JAKARTA - PT Pertamina (Persero) dan perusahaan minyak dan gas swasta domestik diminta lebih banyak memanfaatkan kapal-kapal angkut minyak berbendera Indonesia.
Tujuannya agar manfaat ekonomi jasa angkut pelayaran domestik lebih banyak dinikmati sendiri. Staf Ahli Bidang Tata Ruang dan Kemaritiman Kementerian Negara/PPN Bappenas Son Diamar mengatakan, PT Pertamina tercatat banyak memanfaatkan kapal-kapal angkut asing. Ini mirip dengan perusahaan-perusahaan migas dan tambang asing lain dan beroperasi di Indonesia. "Karena itu, kita ingin PT Pertamina dan perusahaan-perusahaan swasta lain mulai mengurangi ketergantungan pada kapal-kapal asing. Gunakanlah kapal-kapal sendiri," ujarnya di Jakarta pekan lalu.

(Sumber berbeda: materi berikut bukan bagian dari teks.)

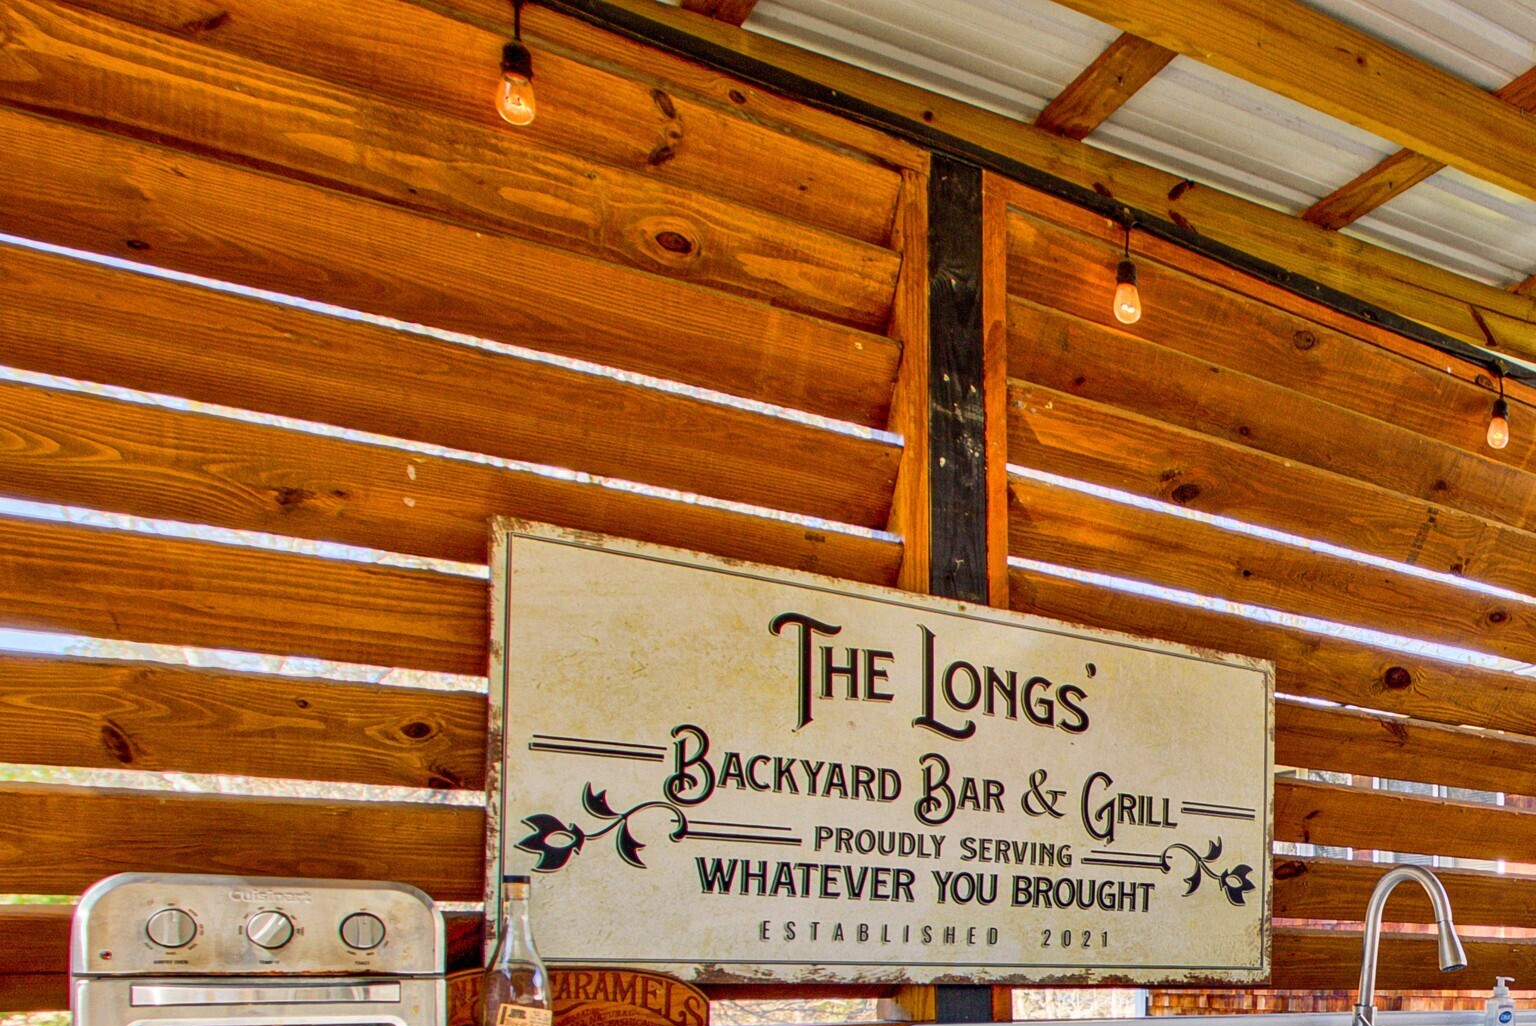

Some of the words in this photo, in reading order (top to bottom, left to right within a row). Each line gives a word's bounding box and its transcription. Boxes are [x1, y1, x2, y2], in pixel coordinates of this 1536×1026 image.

Son menuturkan, penggunaan kapal PT Pertamina ini dilakukan dalam kerangka ekspor-impor minyak. Tingkat ketergantungan yang tinggi,menyumbang porsi ketergantungan kapal asing saat ini sebesar 92 persen, atau turun sedikit dari 95 persen tahun 2005 lalu. Akibat ketergantungan pada jasa angkutan kapal-kapal angkut asing, sambung Son, aktivitas ekonomi Indonesia harus mengeluarkan sekurangnya Rp100 triliun ke luar negeri. Penelusuran Harian Seputar Indonesia, PT Pertamina menggunakan 118 kapal tanker dalam berbagai jenis dan 16 set kapal tongkang serta kapal tunda.
Khusus kapal asing, perusahaan pelat merah ini memanfaatkan jasa angkut 54 kapal asing dengan nilai sewa sebesar USD259,22 juta. Berdasar dokumen Indonesian National Shipowners Association (INSA), potensi nilai pendapatan industri hulu minyak dan gas cukup besar. Tahun 2011 misalnya, potensi nilai pendapatannya mencapai USD1,5 miliar. Khusus angkutan kapal hulu yang menggunakan kapal bendera Indonesia, pemanfaatannya baru mencapai 25 persen.
Sebagian besar sisanya sebesar 75 persen didominasi kapal berbendera asing, sehingga total pendapatan yang mengalir ke luar negeri tak kurang dari USD1,12 miliar. "Ini potensi besar bagi industri kapal Indonesia," ujar Ketua Umum INSA Johnson W Sutjipto.